─── The data ───

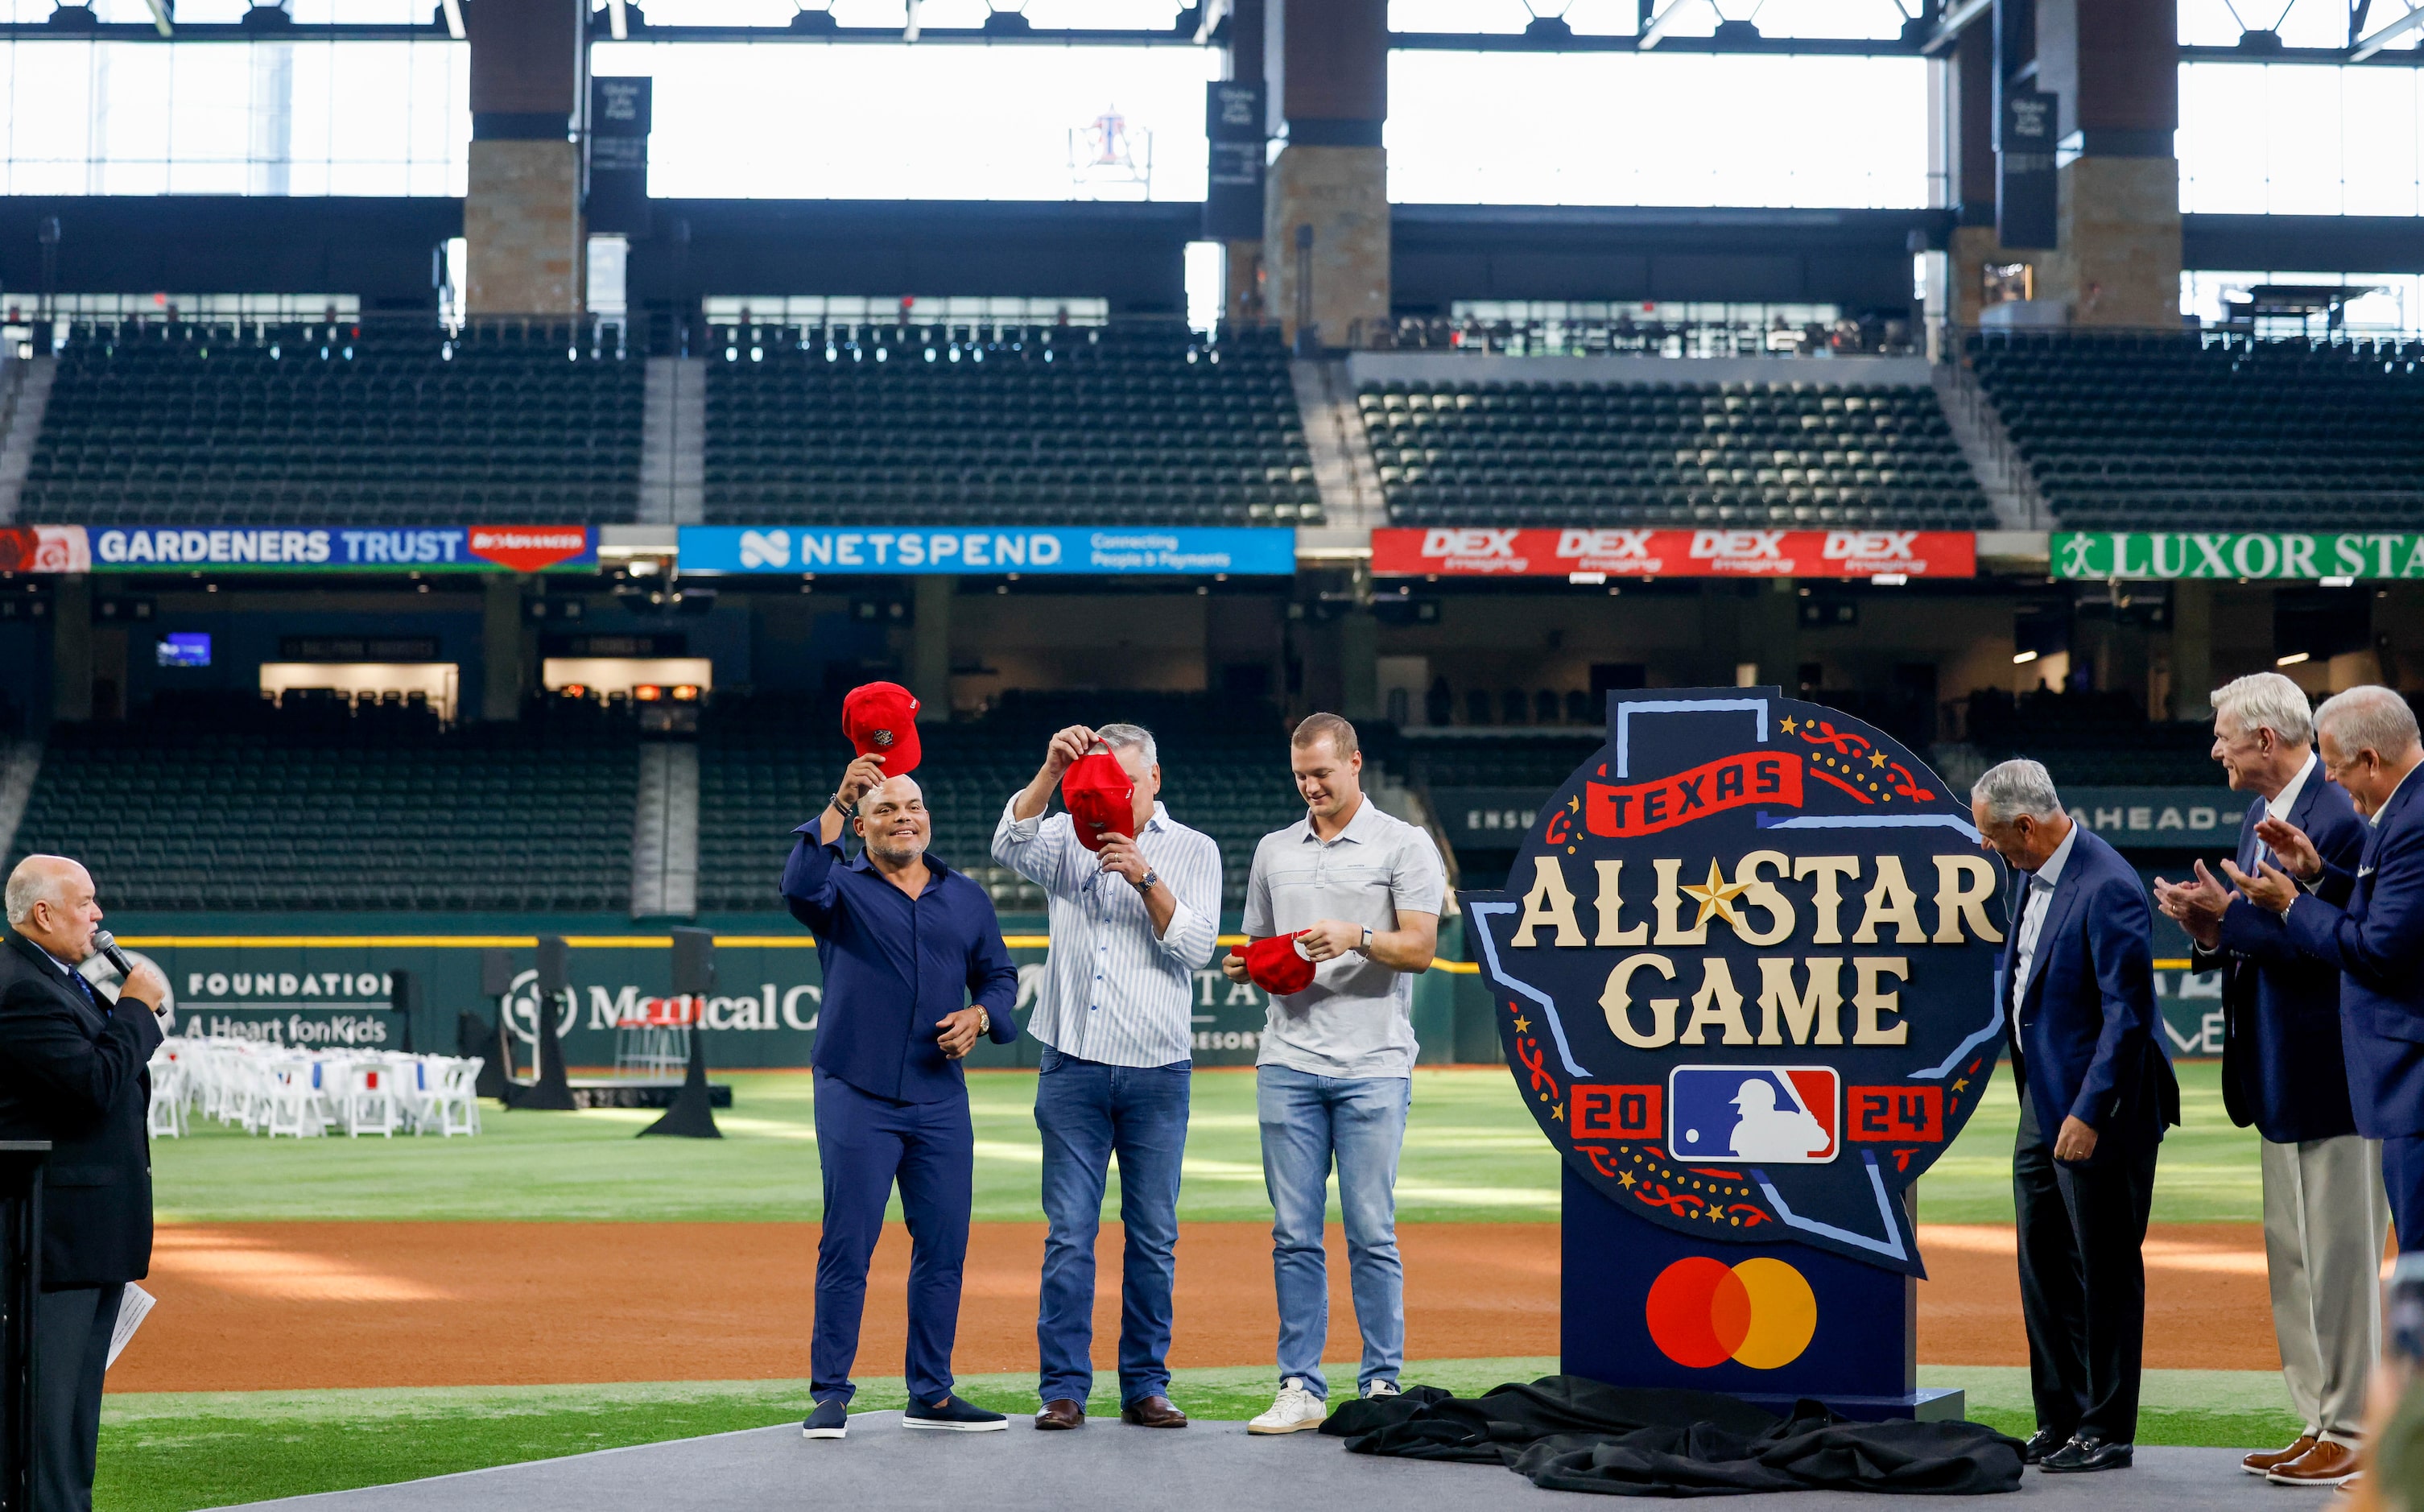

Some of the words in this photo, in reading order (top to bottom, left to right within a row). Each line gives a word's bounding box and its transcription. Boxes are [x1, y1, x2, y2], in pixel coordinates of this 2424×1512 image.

[98, 530, 331, 563] GARDENERS
[341, 531, 463, 562] TRUST
[801, 533, 1061, 566] NETSPEND
[1090, 532, 1179, 552] Connecting
[1421, 528, 1520, 558] DEX
[1555, 528, 1654, 558] DEX
[1689, 529, 1787, 559] DEX
[1822, 530, 1920, 560] DEX
[2109, 533, 2324, 579] LUXOR
[1090, 551, 1142, 570] People
[1144, 551, 1157, 567] &
[1158, 551, 1231, 570] Payments
[1608, 760, 1781, 829] TEXAS
[2069, 806, 2218, 830] AHEAD
[1597, 952, 1910, 1049] GAME
[184, 1014, 204, 1039] A
[210, 1015, 284, 1042] Heart
[331, 1014, 387, 1044] Kids
[1584, 1093, 1648, 1130] 20
[1861, 1093, 1929, 1133] 24

───

**What is being asked**
For each entry, repeat its text exactly and leave out any picture it holds.

**Result for this exercise**
Some of the words in this photo, in reading order (top to bottom, left to right within a row). Each line gives a word's bounding box and its transcription. Boxes are [x1, y1, x2, y2], in pixel coordinates of this 2424×1512 image.

[98, 530, 331, 563] GARDENERS
[341, 531, 463, 562] TRUST
[801, 533, 1061, 566] NETSPEND
[1090, 532, 1179, 552] Connecting
[1421, 528, 1520, 558] DEX
[1555, 528, 1654, 558] DEX
[1689, 529, 1787, 559] DEX
[1822, 530, 1920, 560] DEX
[2109, 533, 2324, 579] LUXOR
[1090, 551, 1142, 570] People
[1144, 551, 1157, 567] &
[1158, 551, 1231, 570] Payments
[1608, 760, 1781, 829] TEXAS
[2069, 806, 2218, 830] AHEAD
[1597, 952, 1910, 1049] GAME
[184, 1014, 204, 1039] A
[210, 1015, 284, 1042] Heart
[331, 1014, 387, 1044] Kids
[1584, 1093, 1648, 1130] 20
[1861, 1093, 1929, 1133] 24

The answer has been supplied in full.